■ What to do
Your output must hold every entry exactly as written and none of the pictures.
+++ The input +++
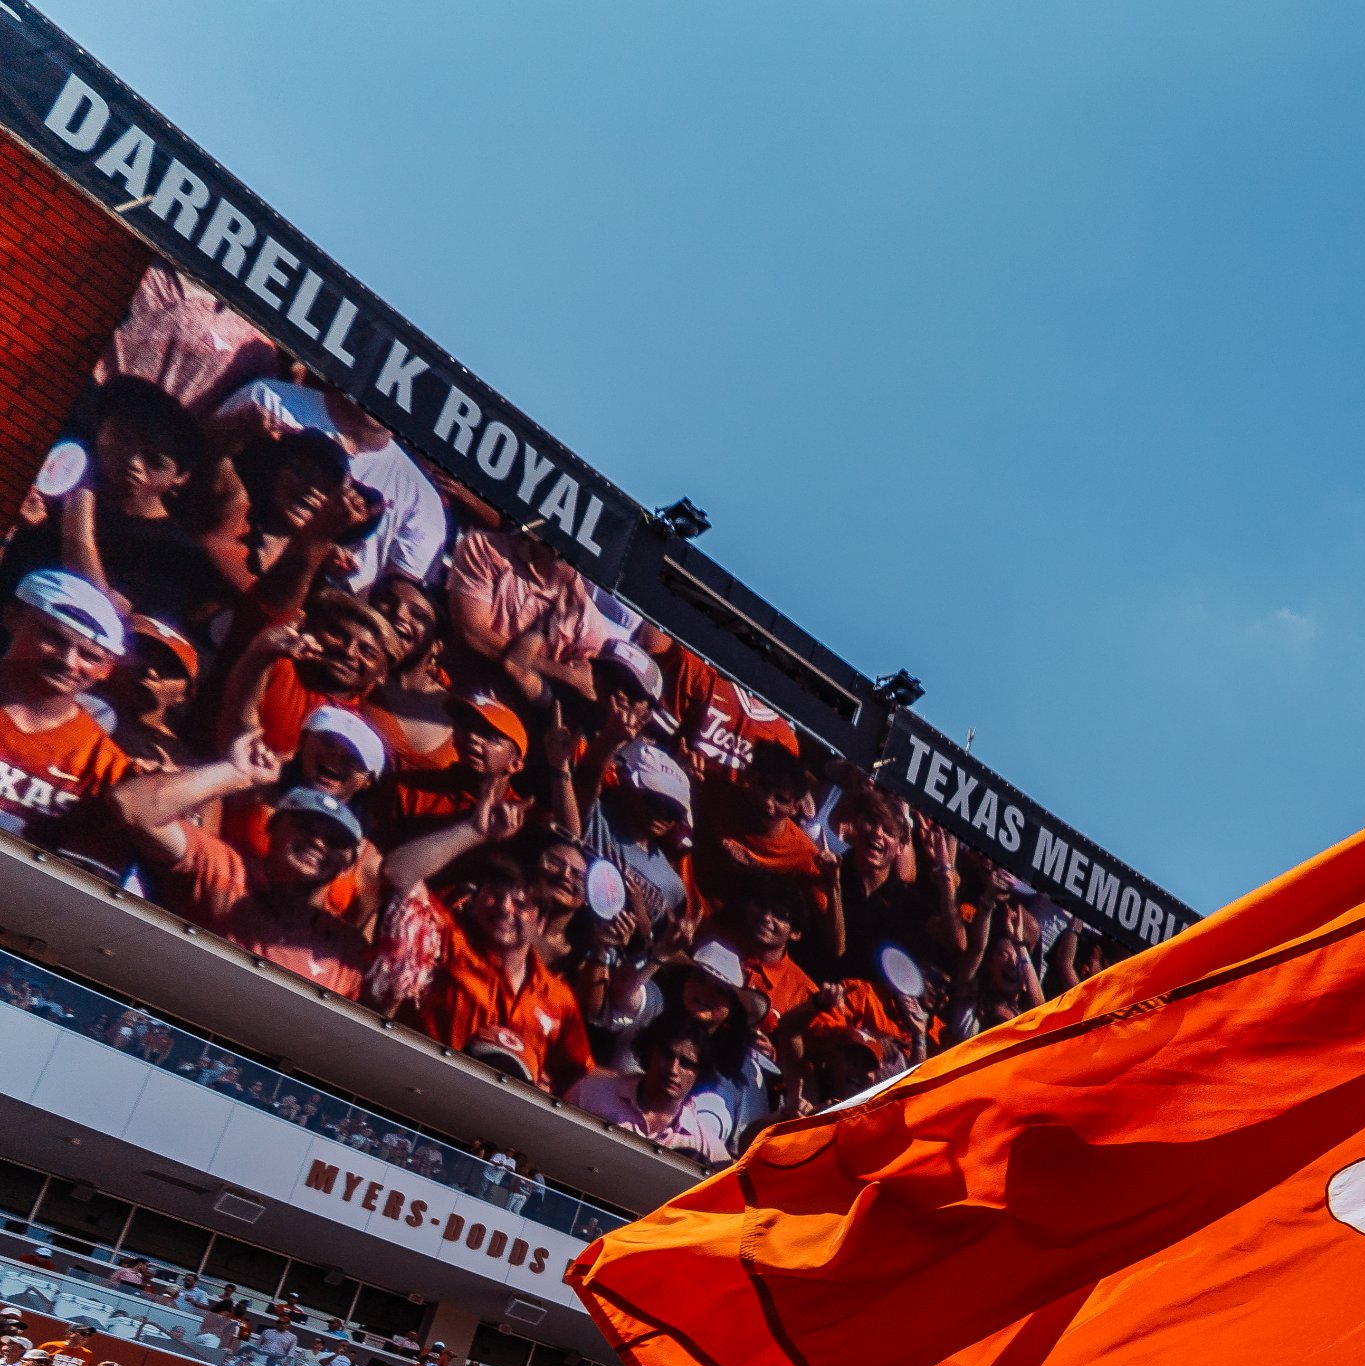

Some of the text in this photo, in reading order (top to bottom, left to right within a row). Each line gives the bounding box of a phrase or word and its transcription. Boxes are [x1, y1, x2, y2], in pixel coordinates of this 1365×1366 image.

[43, 72, 604, 557] DARRELL K ROYAL
[904, 734, 1025, 853] TEXAS
[305, 1159, 550, 1274] MYERS-DODDS
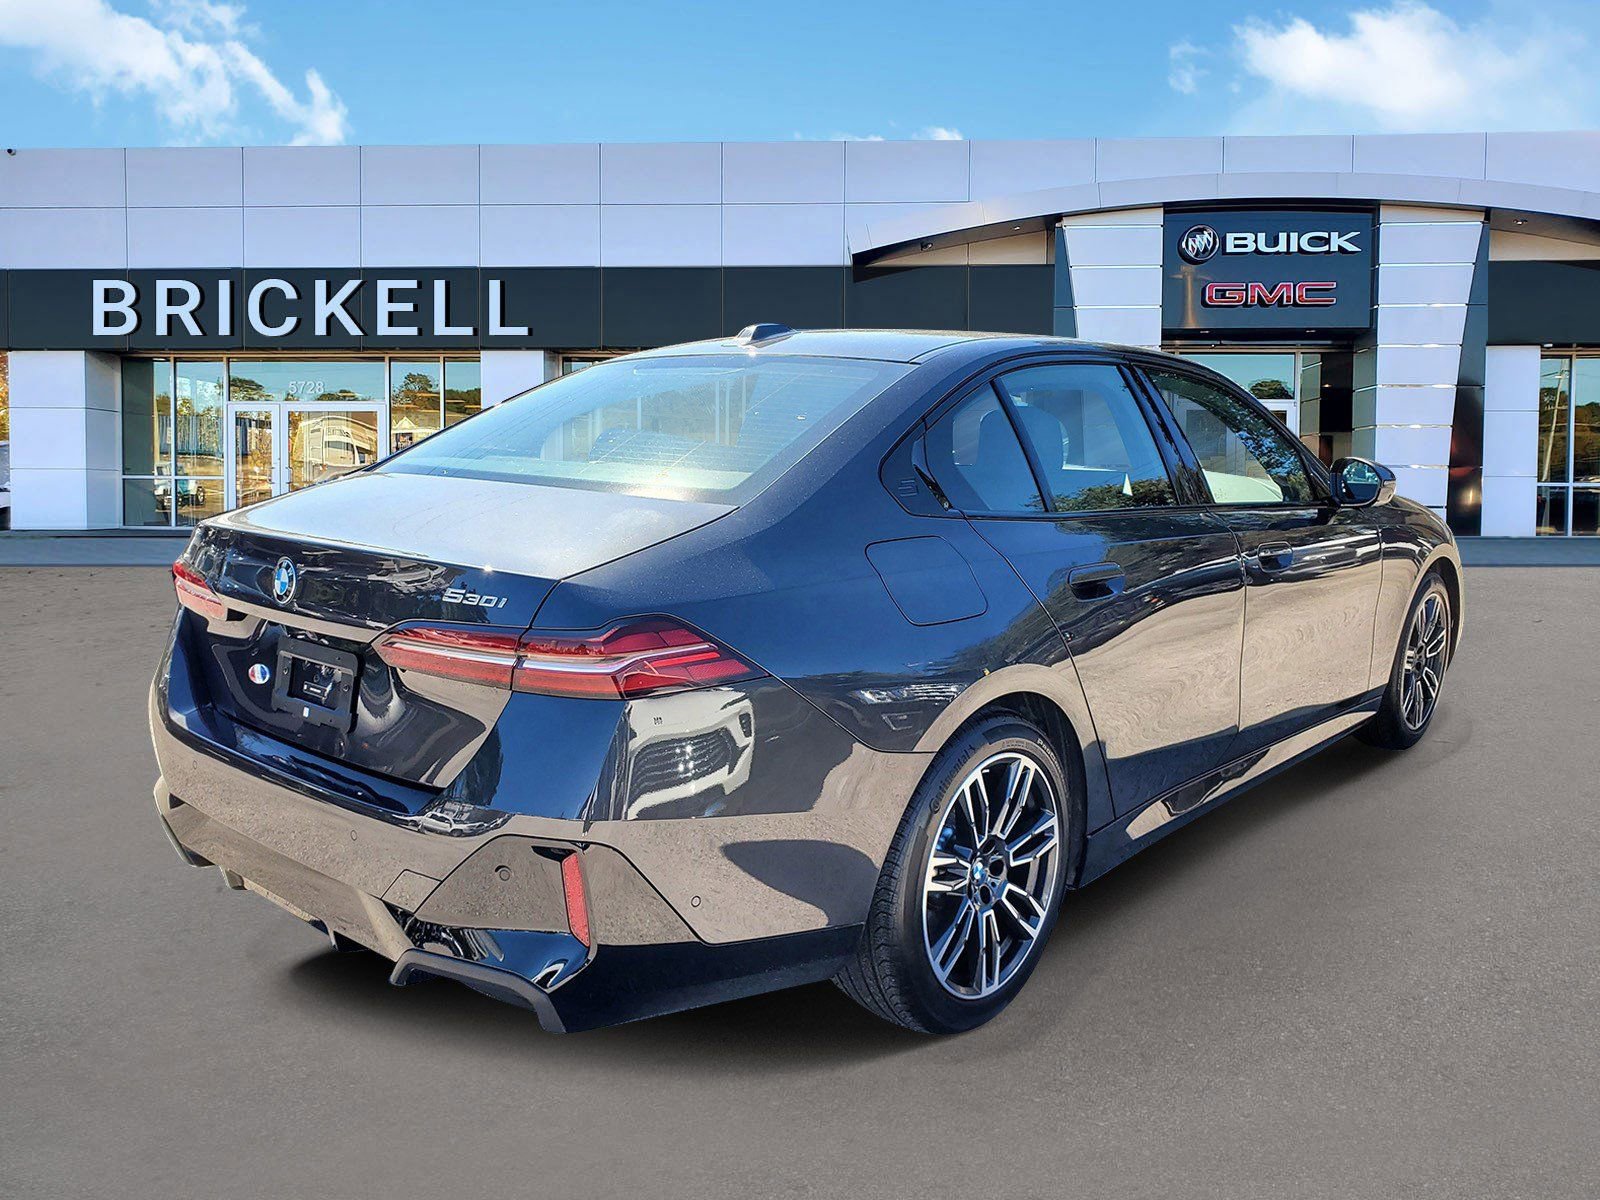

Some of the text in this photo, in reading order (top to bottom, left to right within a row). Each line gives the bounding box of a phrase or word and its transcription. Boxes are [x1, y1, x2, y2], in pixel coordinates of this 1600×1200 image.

[1225, 231, 1362, 253] BUICK
[1205, 281, 1337, 305] GMC
[92, 278, 529, 337] BRICKELL
[288, 380, 325, 395] 5728
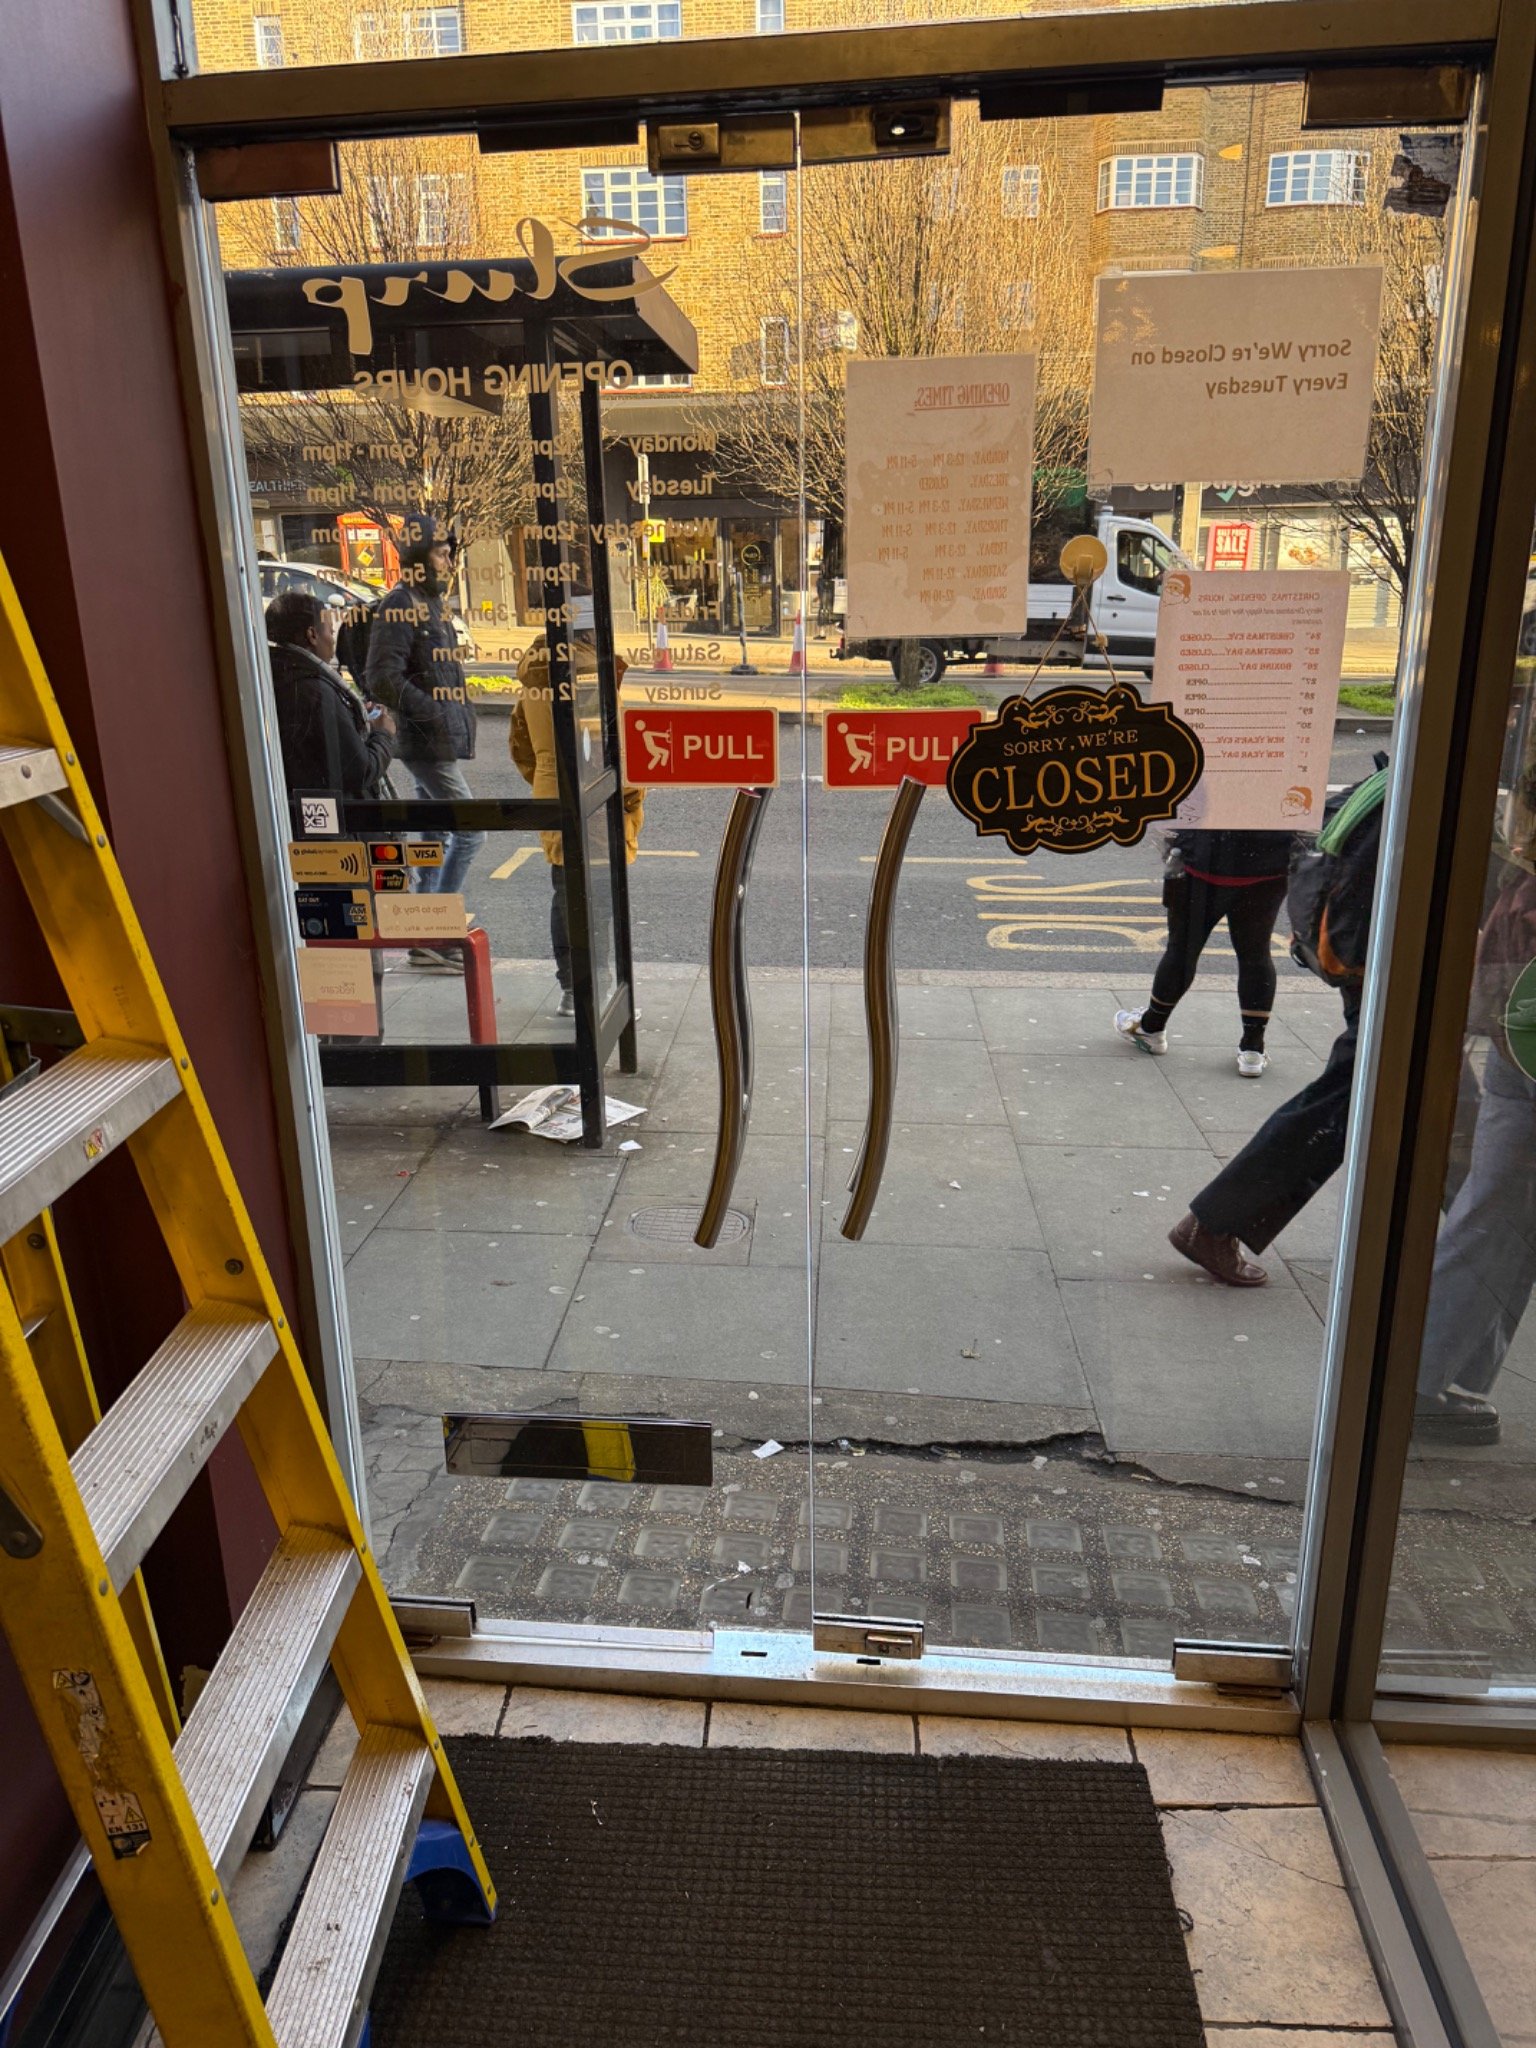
+++
■ Your response
Some of the text in this photo, in reading order (top to bottom, left to right within a row). Each line gives the bounding box of a phrase or word and its transcription. Boxes are [x1, y1, x2, y2], in pixel coordinates of this 1365×1366 image.

[43, 72, 604, 557] DARRELL K ROYAL
[904, 734, 1025, 853] TEXAS
[305, 1159, 550, 1274] MYERS-DODDS

Some of the text in this photo, in reading order (top to bottom, left to right within a row). Each line gives the bounding box of a phrase or word and its transcription. Boxes are [x1, y1, x2, y2], in pixel coordinates of this 1600×1200 image.

[1225, 231, 1362, 253] BUICK
[1205, 281, 1337, 305] GMC
[92, 278, 529, 337] BRICKELL
[288, 380, 325, 395] 5728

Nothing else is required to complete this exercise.